Running my first Roll20 game of Blades in a few hours. I haven’t played or run a game in a long while, and I’ve never run one virtually. One of my players has never played a tabletop game, and the other two are well-versed in D&D but totally new to this game.

Anyone have any Blades specific tips for online games? ..or a “must have” resource either for online games of introducing new players?

13 thoughts on “Running my first Roll20 game of Blades in a few hours.”

  1. *Roll20 specific:* Add the rules reference (pages 2-3 of the blades_sheets file) to handouts in Roll20, so everyone can always refer to them easily. Put the character and crew creation sheets as images on the tabletop, so you have easy access to it while creating characters. Prepare another page on Roll20 for a nice background with maybe a city map.

    *General new players:* Ask them to read the “Players’ Best Practices” part of the rulebook. This is crucial to understanding how you’re supposed to play Blades, especially if coming from a D&D background. Explain to them, slowly, stuff like flashbacks and items when the time comes to do a score. Nonlinear roleplaying can be confusing at first.

  2. Thank Jakob Oesinghaus

    Do you have all the players track crew/factions individually (even though the information is the same)?

    Considering making a “The Crew” character sheet, giving them all privileges, and just keeping it in Crew Mode. One person each session can be in charge of updating it.

  3. Remember that the PCs are already competent scoundrels. Don’t bother rolling for trivial stuff (Can the Leech have prepared a powerful laxative? Of course! Zero stress flashback to a lab work montage, no roll needed, the potion is ready.) Don’t be afraid of Controlled actions when the fiction suggests them. There will be enough complications that come about anyway. If you need a moment to think of some fallout from a roll, take it; all the players for suggestions as well.

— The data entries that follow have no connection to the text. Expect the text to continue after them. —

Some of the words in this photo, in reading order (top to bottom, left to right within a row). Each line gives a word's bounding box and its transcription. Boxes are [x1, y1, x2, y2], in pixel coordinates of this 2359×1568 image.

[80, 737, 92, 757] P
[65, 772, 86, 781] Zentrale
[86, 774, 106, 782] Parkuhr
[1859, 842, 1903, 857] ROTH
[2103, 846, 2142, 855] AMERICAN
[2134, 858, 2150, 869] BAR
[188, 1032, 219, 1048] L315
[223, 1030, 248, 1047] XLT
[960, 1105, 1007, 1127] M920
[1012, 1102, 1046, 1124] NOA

  4. 1. Use the Blades character sheets that Roll20 provides. That will help automate rolling dice and all that kind of stuff to get some of the mechanical bits of using Roll20 get out of your way. (There’s a mode toggle so you can make a new character and decide if it’s a player sheet, a crew sheet, or a faction tracking sheet.)

    2. DON’T try to change the playbook/crew type of a player/crew sheet after making it initially. You’ll get a bunch of duplicate rows of items for special abilities, gear, etc. Make the decision first (maybe have them use the PDF to read through at first) THEN make a Roll20 character sheet.

    3. On the various “fills over time” bars in the Roll20 sheet you should click on the “destination”, not try to individually click each box you want to fill/clear. (For example: if your stress bar is at 2 and you want to raise it to 5, just click 5, the steps in between will auto-fill/clear as appropriate.)

    4. There’s a couple different bundles of artwork floating about with images you can import to Roll20 to use for clocks with various numbers of slots with each filled. Take a look at how to make “rollable tokens” so you can make clocks you can just plop onto the page and then choose how many slots you want filled as things progress.

  5. As ready as I’m going to get today…

    Not a horribly original tabletop idea, but fun. I made some rollable token clocks out of the clocks from the character sheets. Might splurge and get the fancy Roll20 marketplace ones if this takes off. 😉

  6. So it went alright. I kept forgetting things and my consequences weren’t so hot, but I’m mostly concerned because I spent way too much time talking.. I love the way the players banter and build the fiction in the games I watch and I want to figure out a way to foster that better.

  7. Because I should be more positive sometimes.. I was actually kind of proud of one of my consequences.

    The character attempted to sway the crew’s bluecoat contact into diverting patrols away from the area of the score. He failed. So, Laroze turned the tables and tried to get the character to incriminate a member of the Wraiths (a friendly faction).

    The character resisted, and it was a controlled roll, so the two smiled and had a “finger wagging moment” where they realized neither was going to help the other out this time.